To do: Write out the entries below exactly as they stand. Skip every image.

Given records:
Start of Block

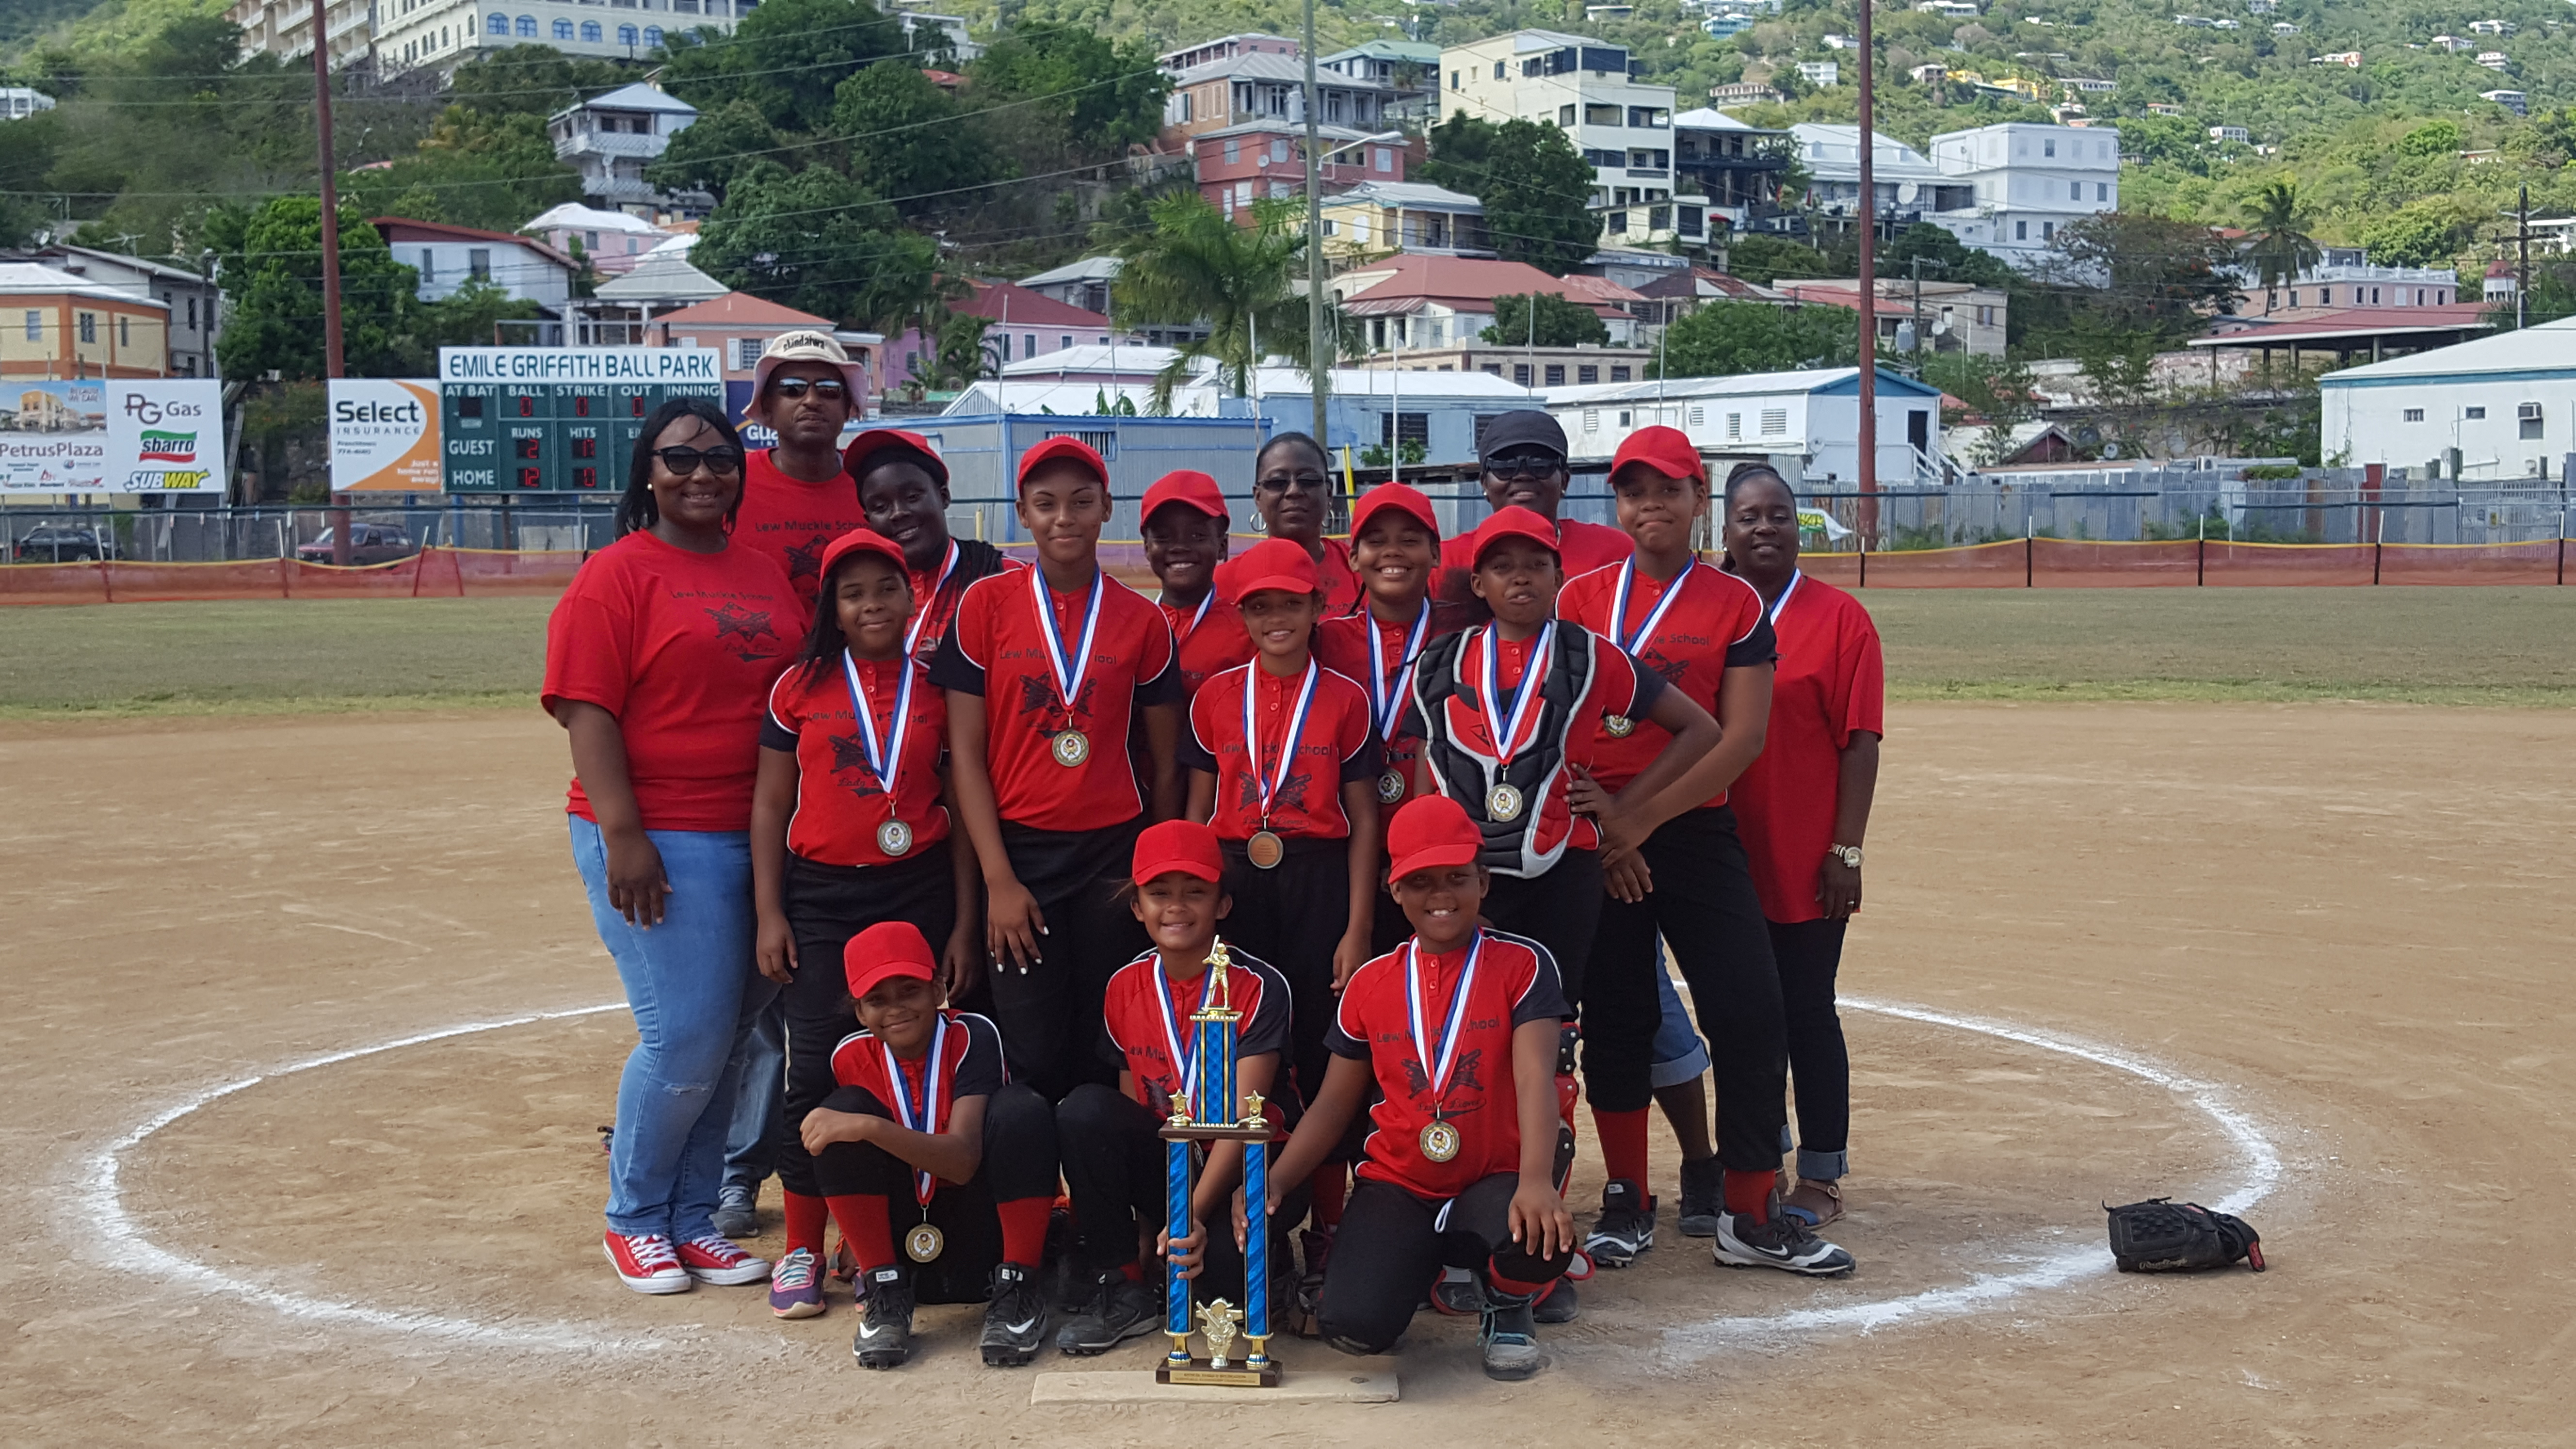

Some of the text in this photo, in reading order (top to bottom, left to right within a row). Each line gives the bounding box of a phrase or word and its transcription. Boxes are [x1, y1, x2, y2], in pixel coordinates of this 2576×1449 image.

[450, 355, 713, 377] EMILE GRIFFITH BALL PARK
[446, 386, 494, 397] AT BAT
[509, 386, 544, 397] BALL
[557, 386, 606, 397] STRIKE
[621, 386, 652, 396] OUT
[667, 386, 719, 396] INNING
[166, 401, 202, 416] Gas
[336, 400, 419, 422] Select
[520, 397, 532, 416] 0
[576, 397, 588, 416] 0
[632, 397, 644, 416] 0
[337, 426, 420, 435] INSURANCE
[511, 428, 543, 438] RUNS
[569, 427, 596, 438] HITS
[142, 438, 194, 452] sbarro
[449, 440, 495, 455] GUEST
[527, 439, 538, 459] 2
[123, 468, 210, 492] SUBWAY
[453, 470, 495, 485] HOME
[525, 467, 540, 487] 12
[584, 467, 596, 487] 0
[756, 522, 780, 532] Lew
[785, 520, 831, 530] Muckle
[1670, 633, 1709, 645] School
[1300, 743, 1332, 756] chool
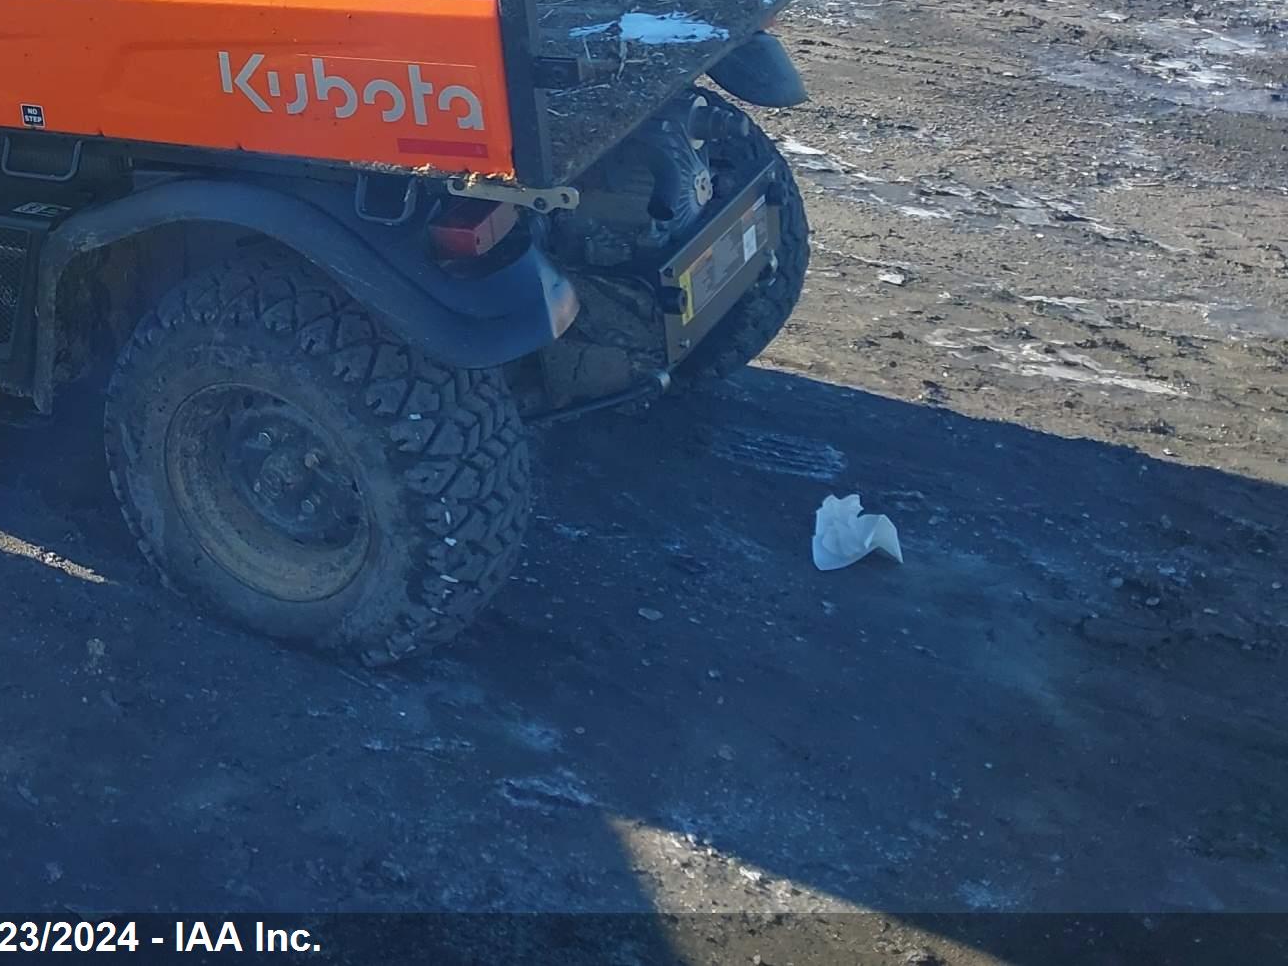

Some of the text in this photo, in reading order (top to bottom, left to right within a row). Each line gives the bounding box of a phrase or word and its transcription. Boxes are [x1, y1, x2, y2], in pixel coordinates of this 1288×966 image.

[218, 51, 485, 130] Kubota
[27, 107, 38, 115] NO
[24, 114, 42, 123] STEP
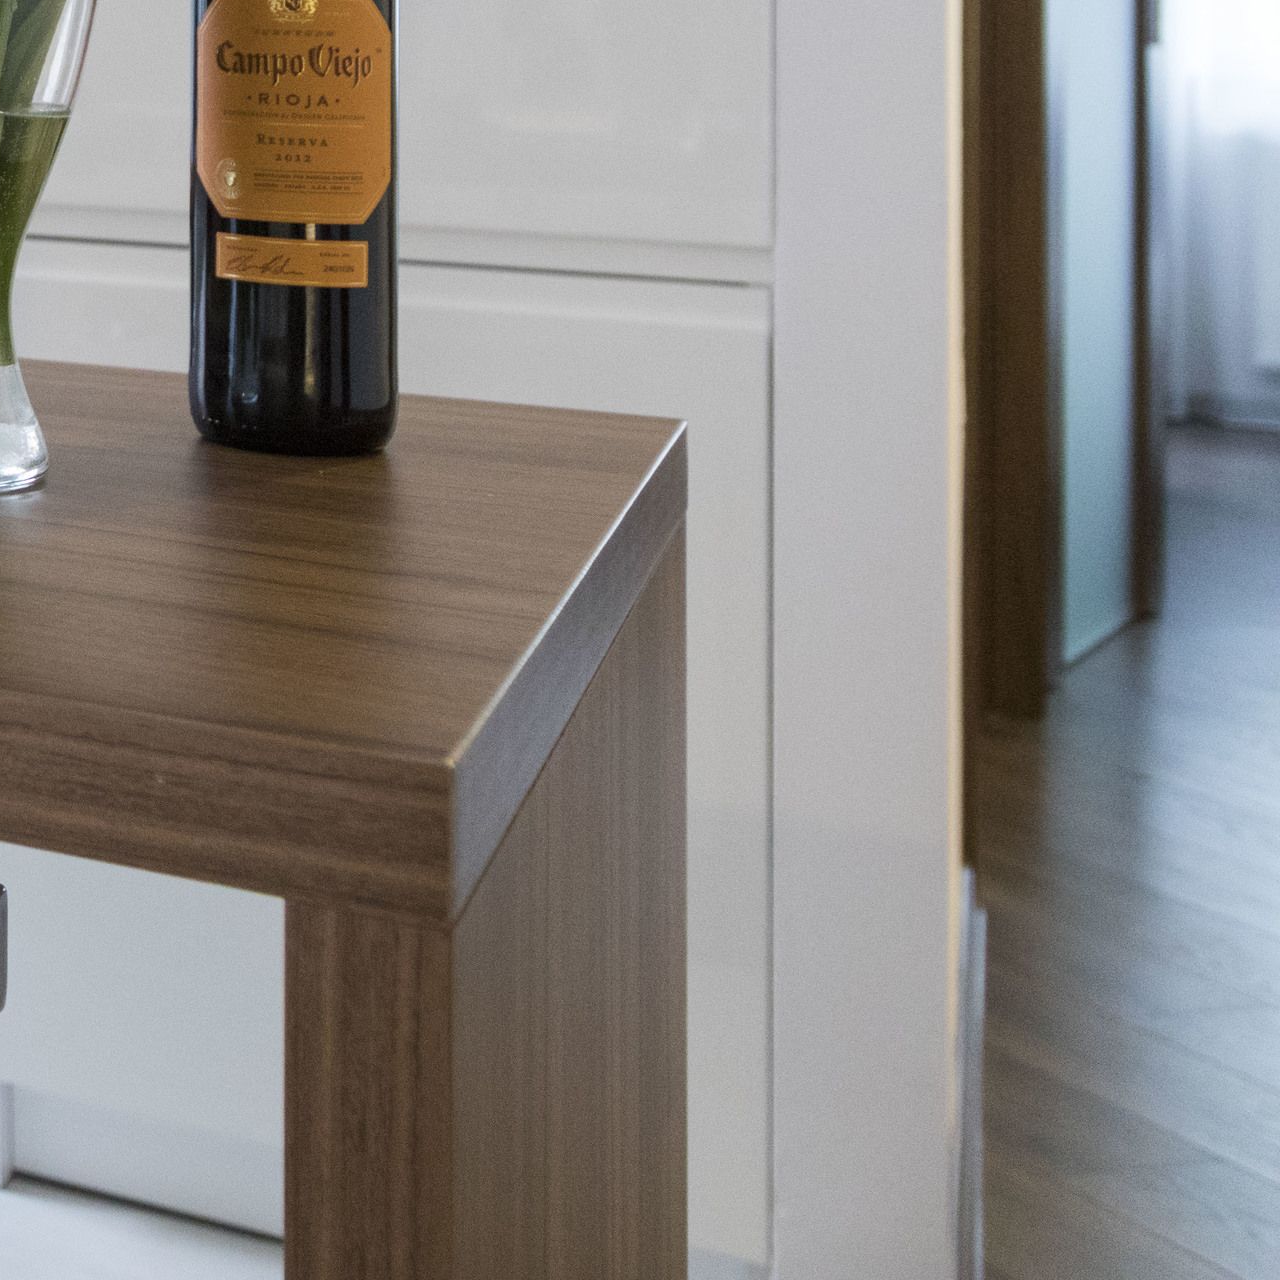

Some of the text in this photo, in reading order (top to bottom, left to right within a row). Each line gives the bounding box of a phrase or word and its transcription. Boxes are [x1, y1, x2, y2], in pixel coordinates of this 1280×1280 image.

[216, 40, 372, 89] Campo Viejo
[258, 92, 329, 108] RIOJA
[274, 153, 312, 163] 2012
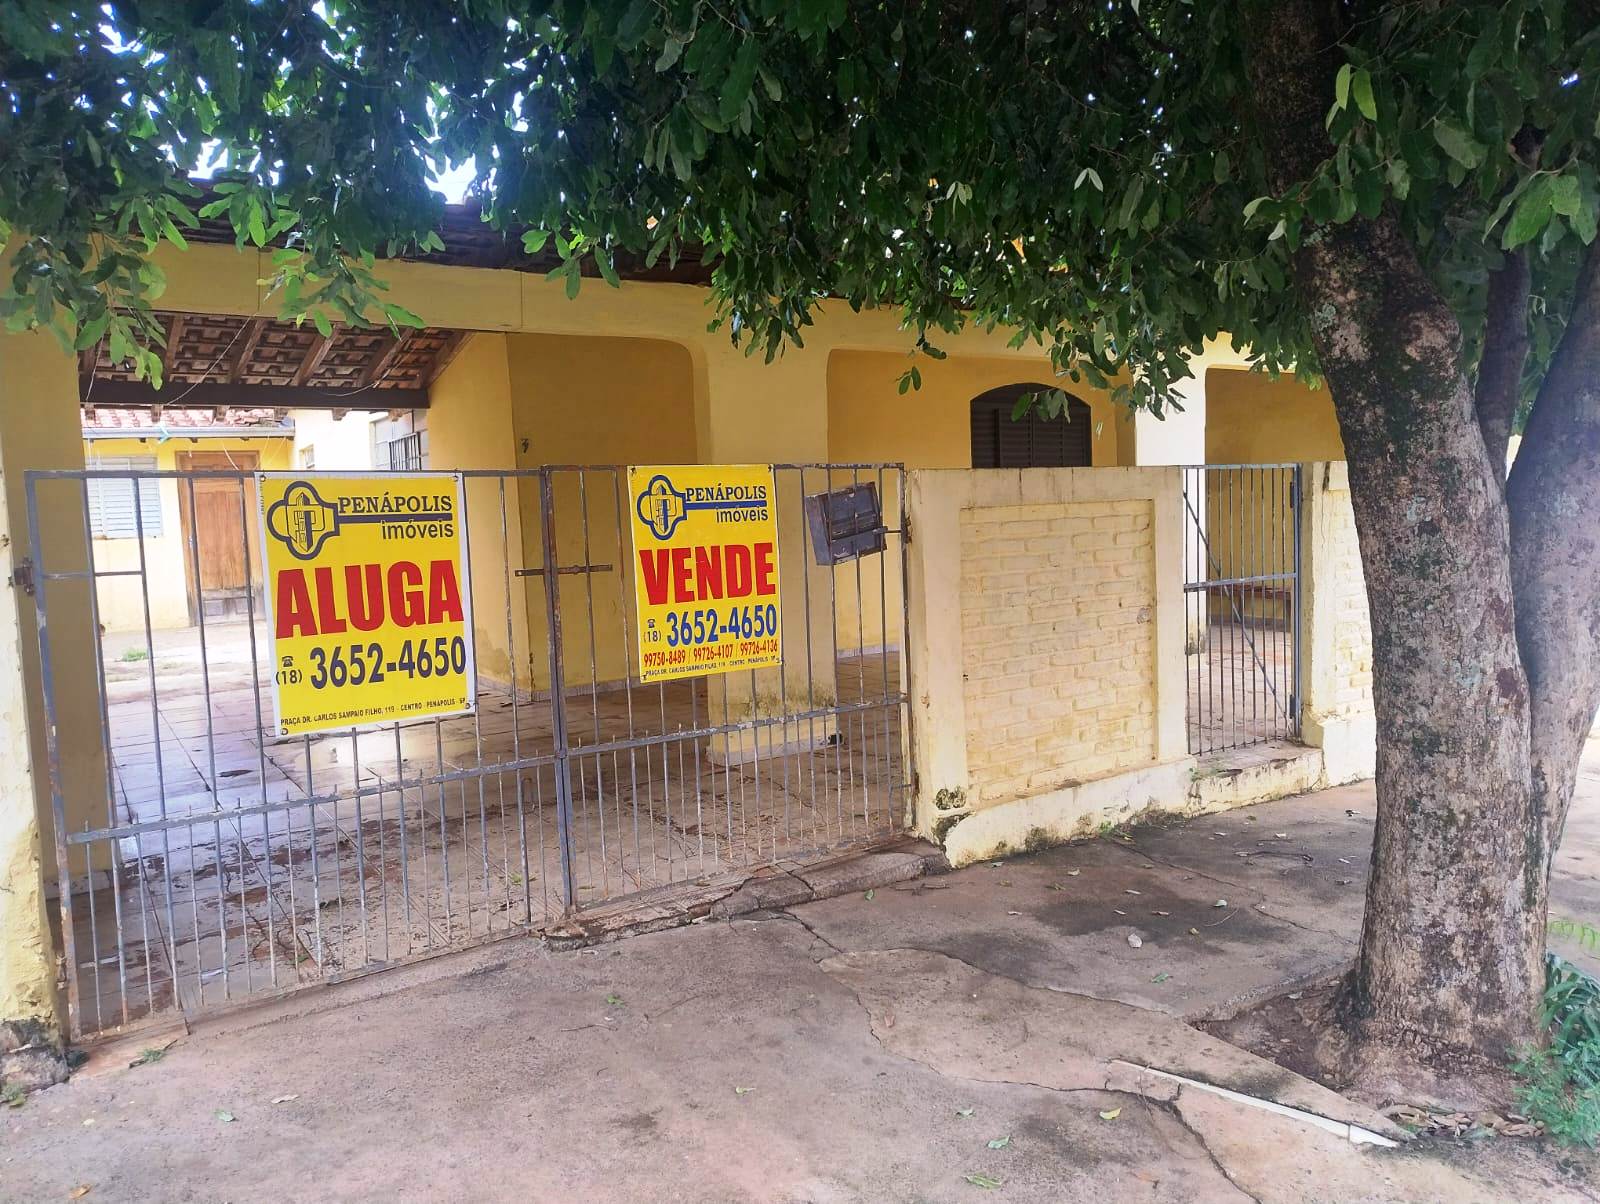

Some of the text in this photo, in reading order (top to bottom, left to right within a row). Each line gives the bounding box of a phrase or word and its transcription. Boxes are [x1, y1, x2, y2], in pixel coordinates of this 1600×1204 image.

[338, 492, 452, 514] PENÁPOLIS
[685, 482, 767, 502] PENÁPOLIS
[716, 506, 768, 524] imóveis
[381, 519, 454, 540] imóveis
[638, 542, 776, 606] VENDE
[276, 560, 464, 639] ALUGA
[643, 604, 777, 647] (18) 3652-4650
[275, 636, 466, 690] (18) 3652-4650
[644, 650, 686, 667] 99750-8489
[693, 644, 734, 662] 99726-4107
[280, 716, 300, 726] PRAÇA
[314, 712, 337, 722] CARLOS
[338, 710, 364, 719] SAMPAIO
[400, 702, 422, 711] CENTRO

End of Block

Response to the exercise:
Some of the text in this photo, in reading order (top to bottom, left to right within a row). Each line gives the bounding box of a phrase or word and its transcription. Boxes are [x1, y1, x2, y2], in pixel coordinates of this 2576×1449 image.

[450, 355, 713, 377] EMILE GRIFFITH BALL PARK
[446, 386, 494, 397] AT BAT
[509, 386, 544, 397] BALL
[557, 386, 606, 397] STRIKE
[621, 386, 652, 396] OUT
[667, 386, 719, 396] INNING
[166, 401, 202, 416] Gas
[336, 400, 419, 422] Select
[520, 397, 532, 416] 0
[576, 397, 588, 416] 0
[632, 397, 644, 416] 0
[337, 426, 420, 435] INSURANCE
[511, 428, 543, 438] RUNS
[569, 427, 596, 438] HITS
[142, 438, 194, 452] sbarro
[449, 440, 495, 455] GUEST
[527, 439, 538, 459] 2
[123, 468, 210, 492] SUBWAY
[453, 470, 495, 485] HOME
[525, 467, 540, 487] 12
[584, 467, 596, 487] 0
[756, 522, 780, 532] Lew
[785, 520, 831, 530] Muckle
[1670, 633, 1709, 645] School
[1300, 743, 1332, 756] chool

Some of the text in this photo, in reading order (top to bottom, left to right within a row). Each line gives the bounding box of a phrase or word and its transcription. Boxes are [x1, y1, x2, y2], in pixel coordinates of this 1288×966 image.

[218, 51, 485, 130] Kubota
[27, 107, 38, 115] NO
[24, 114, 42, 123] STEP

Some of the text in this photo, in reading order (top to bottom, left to right within a row). Each line gives the bounding box of a phrase or word and its transcription. Boxes are [x1, y1, x2, y2], in pixel coordinates of this 1280×1280 image.

[216, 40, 372, 89] Campo Viejo
[258, 92, 329, 108] RIOJA
[274, 153, 312, 163] 2012

Some of the text in this photo, in reading order (top to bottom, left to right within a row). Each line gives the bounding box of a phrase or word and its transcription. Boxes are [x1, y1, x2, y2], in pixel coordinates of this 1600×1204 image.

[338, 492, 452, 514] PENÁPOLIS
[685, 482, 767, 502] PENÁPOLIS
[716, 506, 768, 524] imóveis
[381, 519, 454, 540] imóveis
[638, 542, 776, 606] VENDE
[276, 560, 464, 639] ALUGA
[643, 604, 777, 647] (18) 3652-4650
[275, 636, 466, 690] (18) 3652-4650
[644, 650, 686, 667] 99750-8489
[693, 644, 734, 662] 99726-4107
[280, 716, 300, 726] PRAÇA
[314, 712, 337, 722] CARLOS
[338, 710, 364, 719] SAMPAIO
[400, 702, 422, 711] CENTRO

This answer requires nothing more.